At the same time, a language that is too bare bones may be very fast, but if it takes a lot of effort to write anything in it there will be less time/work left over to optimize it. A language that is bare bones but has a lot of libraries will often accumulate inefficiencies when interfacing between these libraries due to having to transcribe data formats or incompatible locking schemes.

A language that is too abstract will have layers and layers of classes or constructs and eventually the compiler will find a reason not to optimize it, and the reasons will be buried too deep for mere mortals to fathom. Or, probably even more common, it will manage to bury locking mechanisms too deep inside the abstractions so the program will spend most of its time waiting for other parts of itself to do something.

A language with a garbage collector will be faster than a reference counting language, except for the 100ms every second or so where it takes a pit stop and does nothing at all.

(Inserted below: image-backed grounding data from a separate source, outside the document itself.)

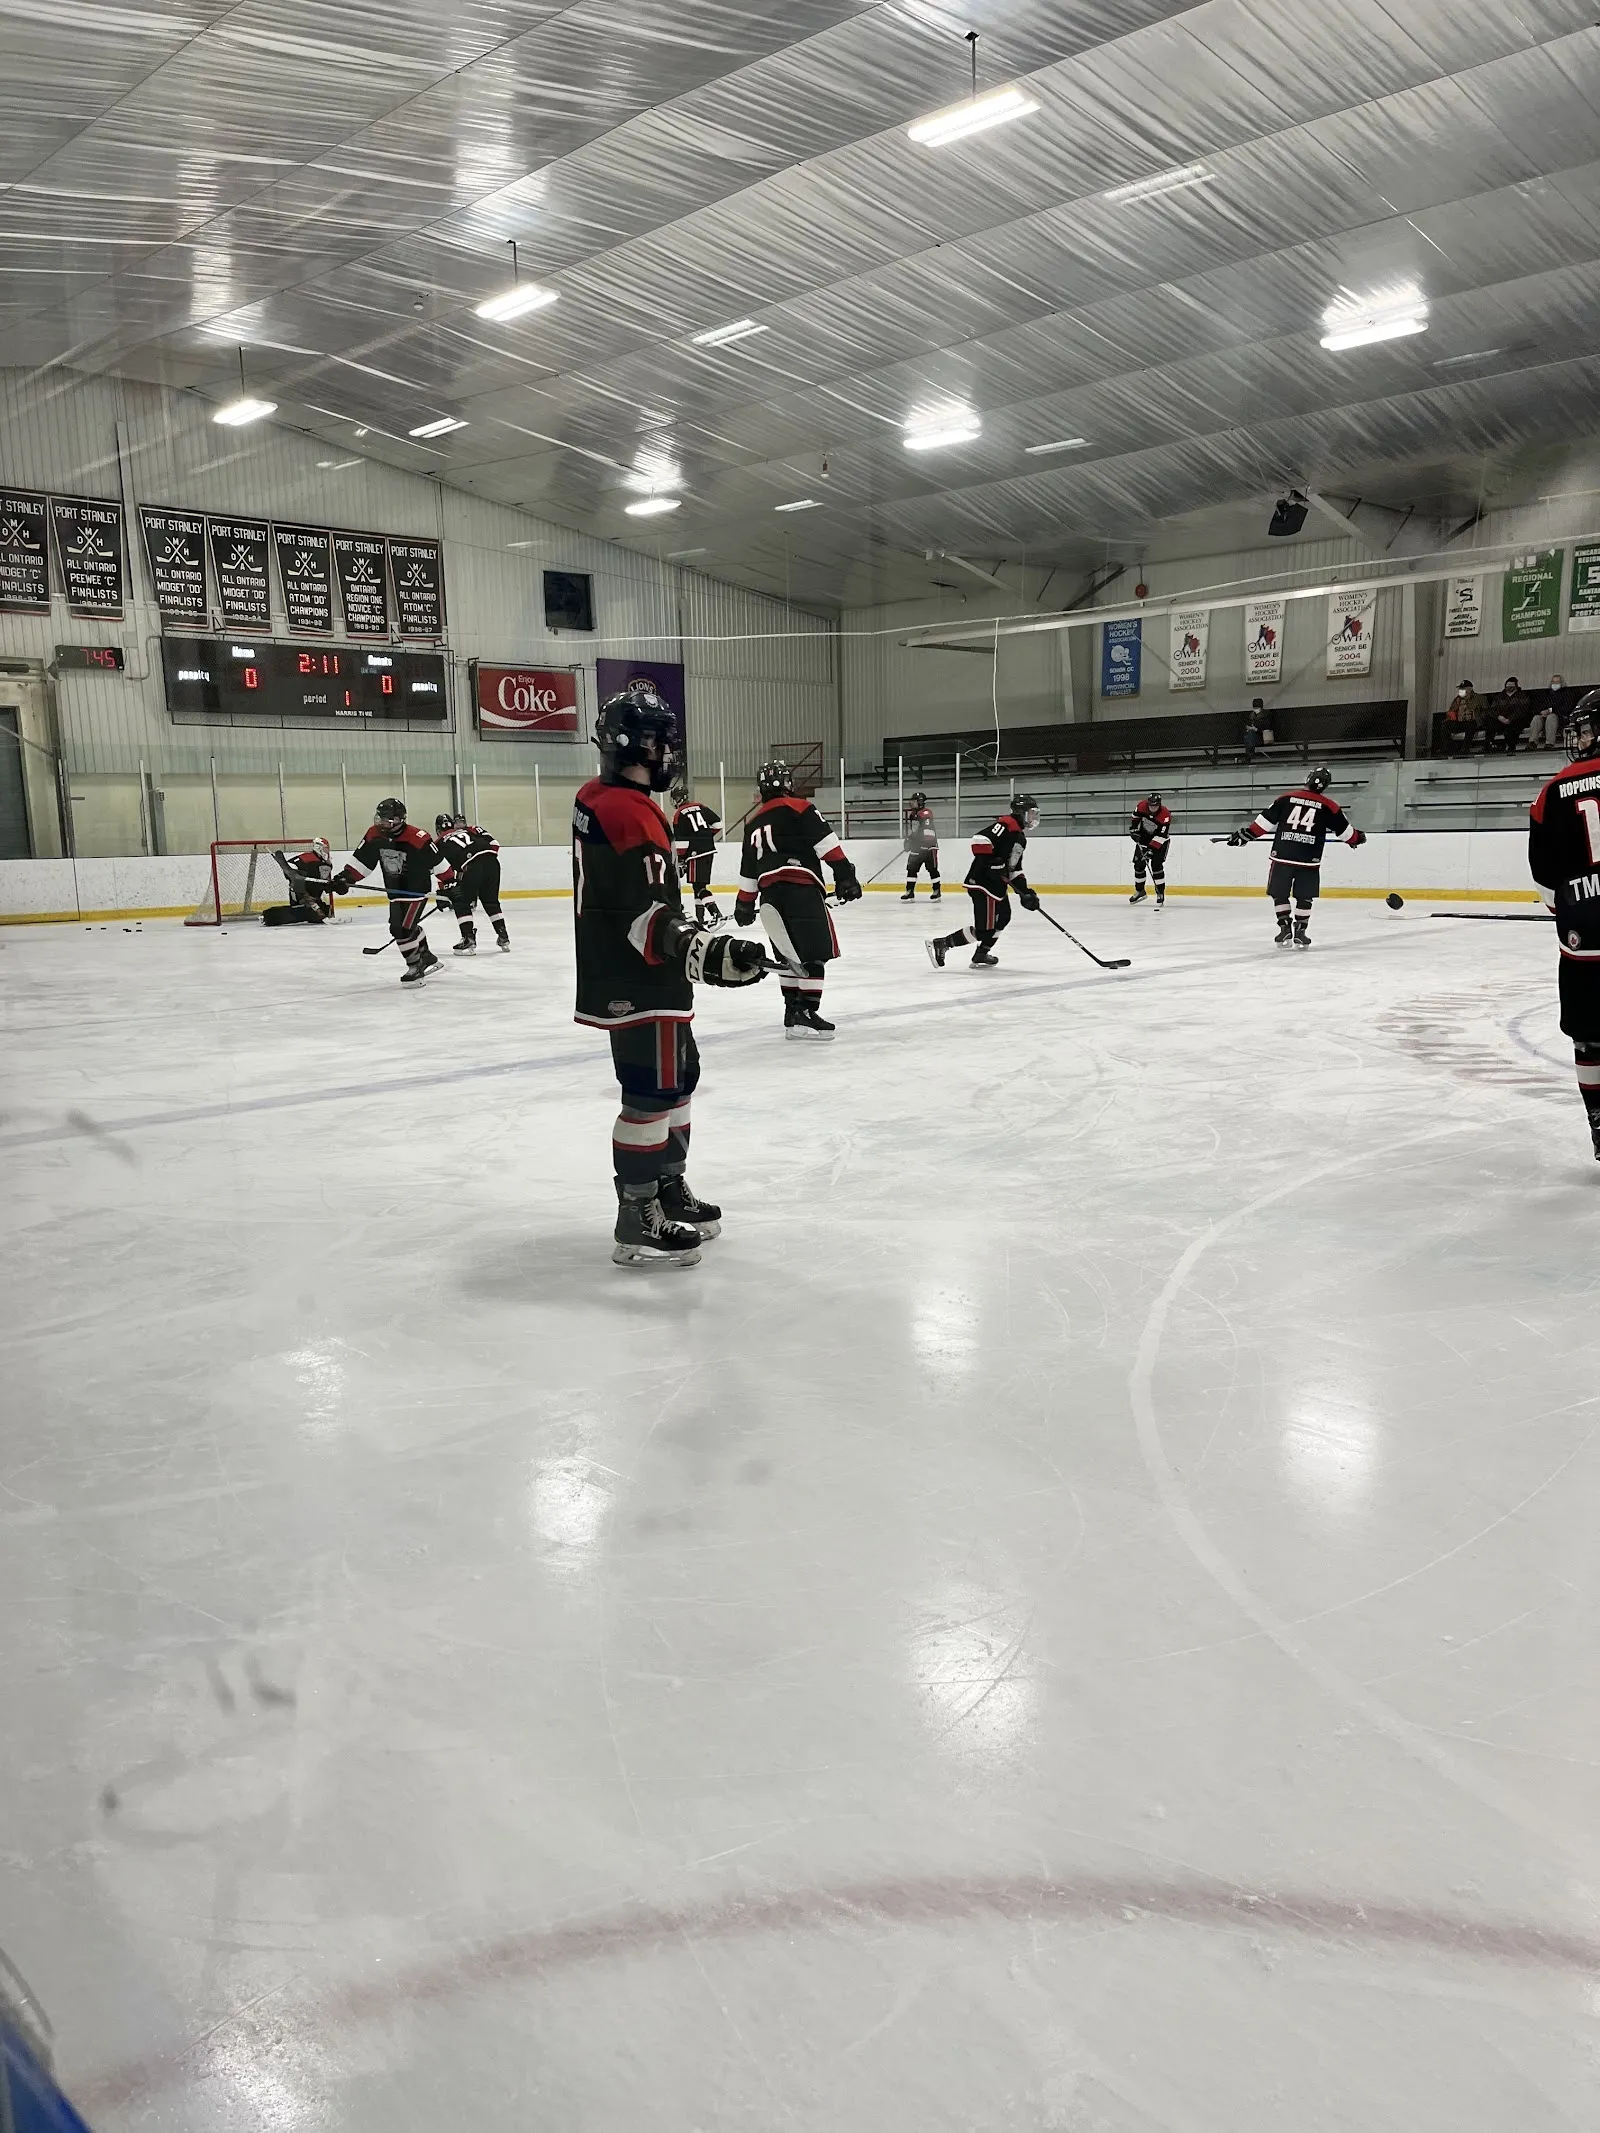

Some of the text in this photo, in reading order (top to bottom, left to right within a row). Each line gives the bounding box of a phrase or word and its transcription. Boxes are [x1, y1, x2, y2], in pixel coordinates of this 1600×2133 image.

[6, 500, 44, 516] STANLEY
[55, 506, 117, 524] PORT STANLEY
[145, 517, 202, 534] PORT STANLEY
[212, 525, 266, 542] PORT STANLEY
[277, 533, 328, 548] PORT STANLEY
[335, 539, 384, 555] PORT STANLEY
[391, 546, 437, 560] PORT STANLEY
[9, 554, 44, 566] ONTARIO
[67, 559, 116, 573] ALL ONTARIO
[70, 573, 101, 585] PEEWEE
[156, 568, 202, 581] ALL ONTARIO
[1512, 572, 1553, 583] REGIONAL
[0, 580, 44, 594] INALISTS
[157, 581, 185, 592] MIDGET
[222, 575, 266, 587] ALL ONTARIO
[287, 581, 328, 593] ALL ONTARIO
[71, 587, 118, 600] FINALISTS
[223, 587, 250, 598] MIDGET
[351, 584, 376, 594] ONTARIO
[160, 595, 203, 607] FINALISTS
[289, 594, 311, 603] ATOM
[346, 594, 383, 604] REGION ONE
[400, 591, 436, 601] ALL ONTARIO
[1338, 592, 1368, 600] WOMEN'S
[226, 600, 266, 612] FINALISTS
[290, 606, 328, 617] CHAMPIONS
[348, 604, 372, 614] NOVICE
[403, 603, 422, 612] ATOM
[348, 613, 385, 624] CHAMPIONS
[402, 615, 437, 624] FINALISTS
[1511, 608, 1551, 621] CHAMPIONS
[1109, 628, 1135, 637] HOCKEY
[1338, 653, 1361, 661] 2004
[298, 653, 339, 674] 2:11
[1181, 667, 1200, 675] 2000
[245, 668, 258, 688] 0
[382, 675, 392, 693] 0
[518, 675, 535, 684] Enjoy
[1113, 674, 1129, 682] 1998
[498, 676, 556, 712] Coke
[631, 682, 653, 694] LIONS
[303, 690, 351, 706] period 1
[1559, 775, 1600, 798] HOPKINS
[687, 812, 708, 832] 14
[1286, 806, 1316, 832] 44
[992, 823, 1005, 837] 91
[449, 833, 475, 848] 12
[643, 853, 666, 884] 17

Which will require it to have special intricacies and workarounds to handle real-time tasks.

A functional or declarational language will usually stress immutability, and will burn through memory/cache if not coded with care of if the compiler is not up to snuff, and that will slow it down. An imperative/procedural language is more likely to encourage mutable objects, and then introduce more locking or copy-on-write mechanisms which will be more CPU intensive.

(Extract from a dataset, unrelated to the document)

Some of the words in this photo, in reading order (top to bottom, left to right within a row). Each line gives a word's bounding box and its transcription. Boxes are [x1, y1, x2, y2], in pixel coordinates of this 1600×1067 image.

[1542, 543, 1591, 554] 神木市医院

So, I'll give you a much simpler answer: Good documentation makes a language fast, because it tells you how to write fast code, gives you a clear idea how and why things work, gives you pointers to educational material that helps you write better algorithms or avoid mistakes, and lets you find wheels before reinventing them.

It really depends on the task/job at hand...

If you're in need of heavy computational loops, compiled code will work best...

If you need a simple set of services that do generalized work, a bytecode/jit language will work better..

I/O constrained, usually it's not the language but the structure, an async event loop is better. Regardless of language.

Speed of development, or one off, rarely used, reach for scripting languages...

For the most part, if you don't need to service many thousands of simultaneous users... Use what you're comfortable with.

Most of it is down to the skill set of the individual programmer. Use of OS calls; algorithms; data structures; might be largely transferrable between languages for similar gains.